National marine sanctuaries are important tools for protecting places of natural and cultural signiﬁcance, while promoting use and enjoyment of the ocean. For more than 40 years, Chumash leaders, local community members, and elected leaders along California’s Central Coast have advocated for the establishment of a national marine sanctuary to protect diverse ecosystems, high marine mammal, seabird, and ﬁsh biodiversity and abundance as well as extensive cultural Chumash sacred sites.
The Northern Chumash Tribal Council proposed the Chumash Heritage National Marine Sanctuary that would protect an offshore area along more than 150 miles of California coastline. Not only would the sanctuary protect biologically productive and diverse ocean and coastal ecosystems, it would also provide an important early contribution to state and national 30x30 goals, mark the ﬁrst Tribal-led national marine sanctuary designation, and elevate Indigenous participation and cultural signiﬁcance in federal ocean conservation efforts.

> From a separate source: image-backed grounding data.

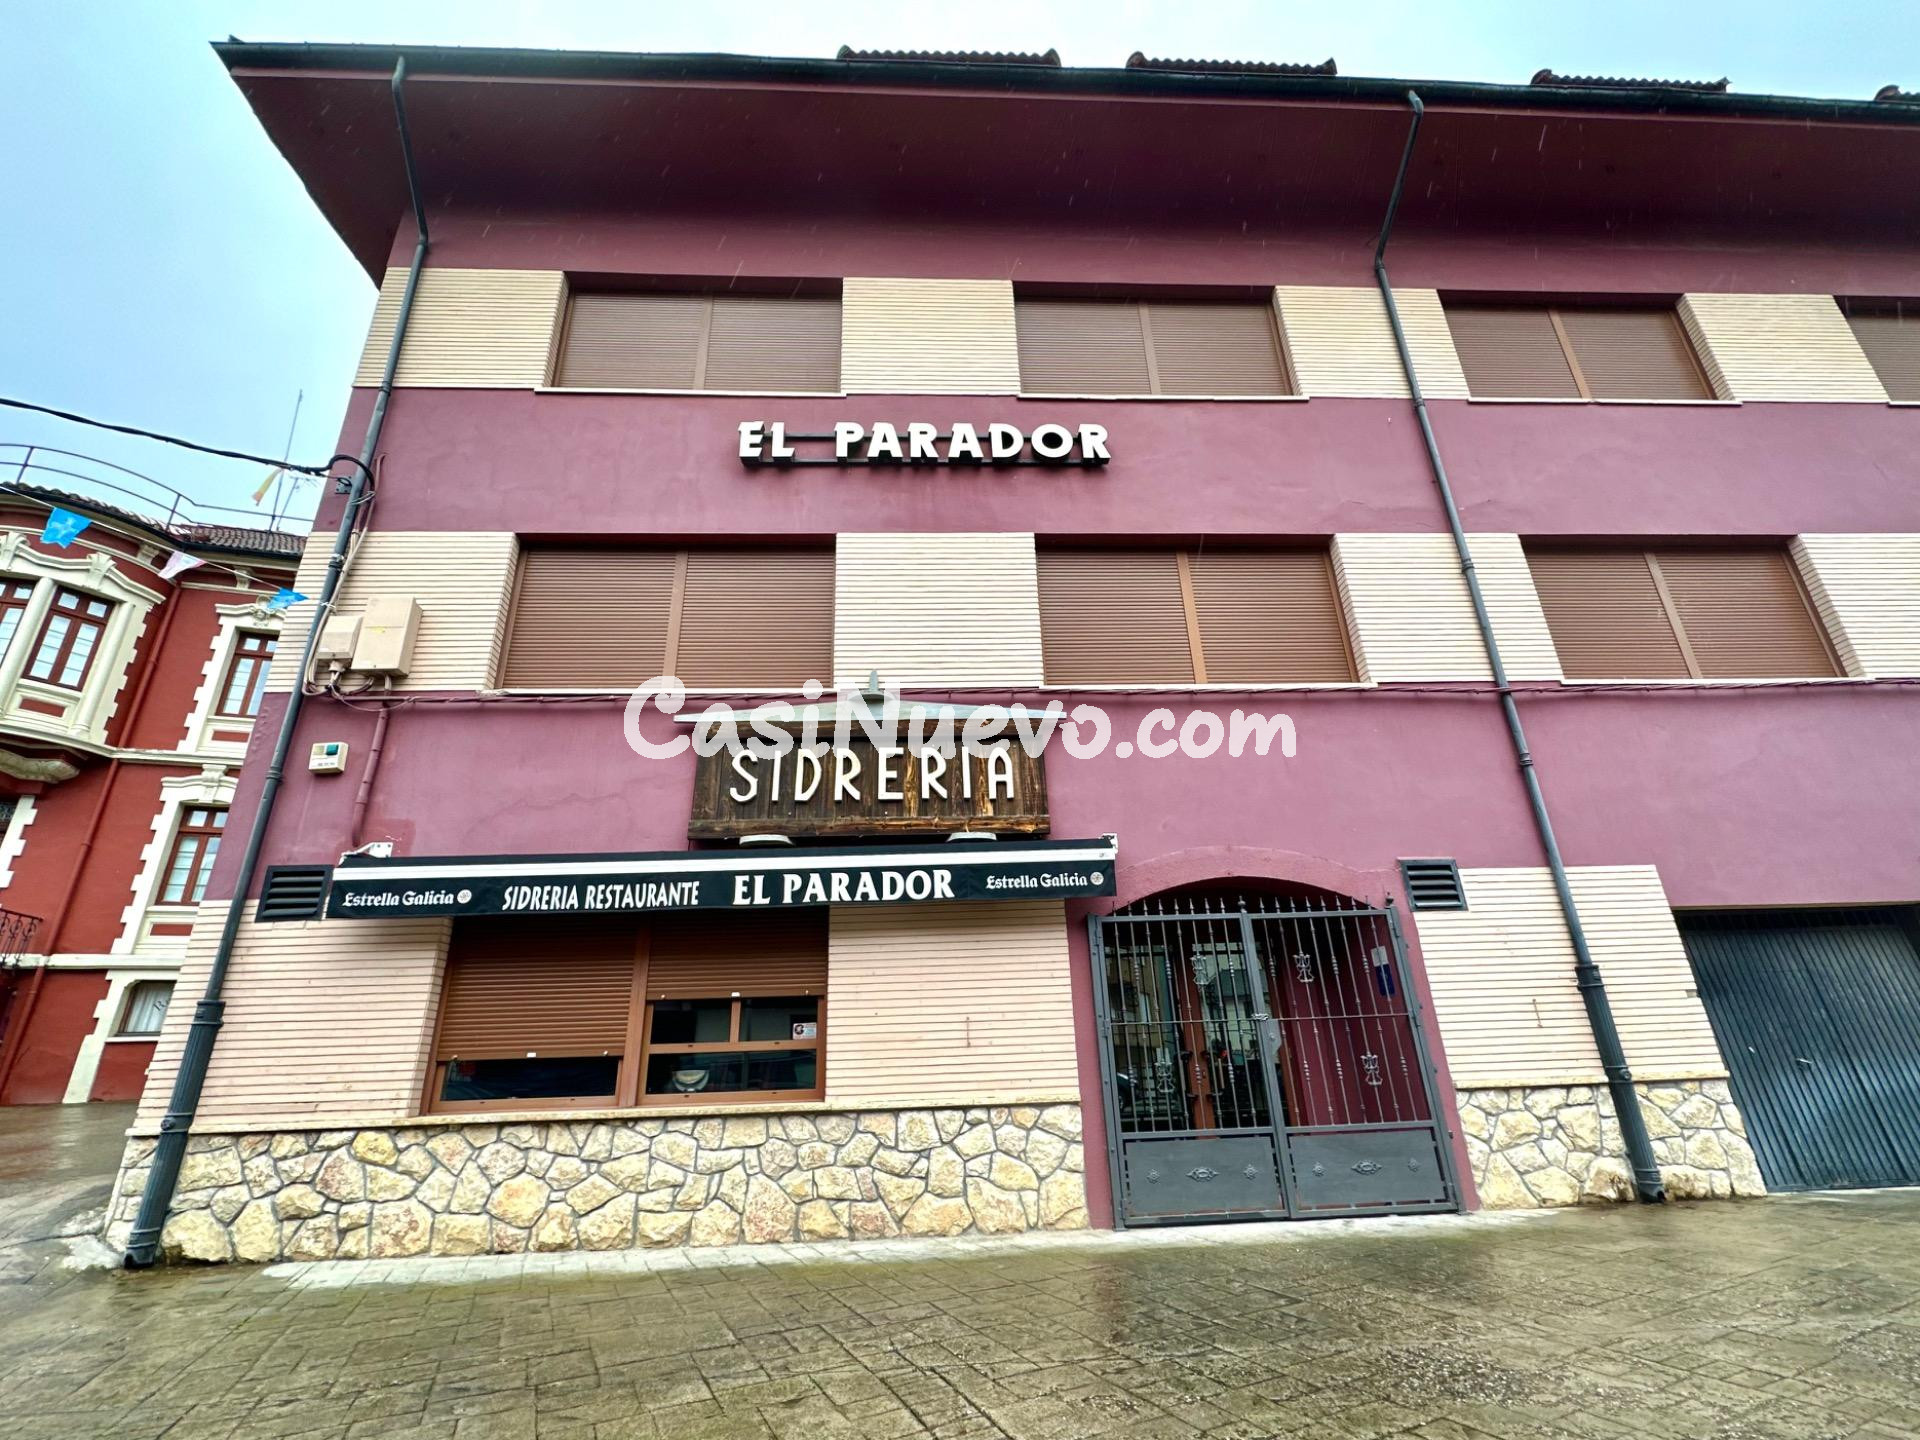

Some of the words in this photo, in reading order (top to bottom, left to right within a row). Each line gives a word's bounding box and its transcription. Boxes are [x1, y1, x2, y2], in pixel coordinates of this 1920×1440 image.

[737, 420, 795, 459] EL
[834, 421, 1112, 460] PARADOR
[729, 746, 1015, 803] SIDRERIA
[342, 891, 399, 907] Estrella
[402, 889, 454, 906] Galicia
[502, 884, 579, 911] SIDRERIA
[584, 880, 700, 910] RESTAURANTE
[733, 874, 770, 906] EL
[782, 869, 955, 904] PARADOR
[985, 874, 1038, 890] Estrella
[1040, 872, 1088, 888] Galicia

The recent oil spill off Huntington Beach made clear that the ecological and cultural resources off the California coast are threatened by oil and gas development. Any signiﬁcant oil spill in the Chumash region would threaten an area from Santa Monica Bay to Santa Cruz, putting at risk nearly half the state’s coastal waters and beaches. Even without spills, offshore oil and gas development in this region also causes air pollution impacting onshore communities and undermining California’s climate change goals and policies. (Scientiﬁc research shows that the area proposed for protection by the Chumash Heritage National Marine Sanctuary already is experiencing climate change impacts, such as ocean acidiﬁcation, at a rate twice that of the world’s oceans.)

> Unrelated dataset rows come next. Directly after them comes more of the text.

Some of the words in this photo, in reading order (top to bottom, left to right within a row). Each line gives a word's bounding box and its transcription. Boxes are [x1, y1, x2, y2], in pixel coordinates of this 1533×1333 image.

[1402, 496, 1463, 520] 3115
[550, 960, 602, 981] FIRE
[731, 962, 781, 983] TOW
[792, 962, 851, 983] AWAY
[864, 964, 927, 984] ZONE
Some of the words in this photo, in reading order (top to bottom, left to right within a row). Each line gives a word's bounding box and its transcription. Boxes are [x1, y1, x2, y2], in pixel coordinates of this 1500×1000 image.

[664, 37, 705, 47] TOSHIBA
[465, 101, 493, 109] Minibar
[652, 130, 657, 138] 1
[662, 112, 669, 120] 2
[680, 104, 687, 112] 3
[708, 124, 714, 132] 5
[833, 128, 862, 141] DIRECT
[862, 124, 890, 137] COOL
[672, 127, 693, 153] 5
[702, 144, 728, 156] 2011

On November 9, 2021, National Oceanic and Atmospheric Administration (NOAA) and the Biden Administration formally proposed designating the Chumash Heritage National Marine Sanctuary. Public comment on the proposed sanctuary designation is open until January 31, 2022. NOAA will host virtual public meetings on December 8, December 13, and January 6, during which members of the public can offer oral comments - join one of these meetings and voice your support for the formal Chumash Heritage National Marine Sanctuary.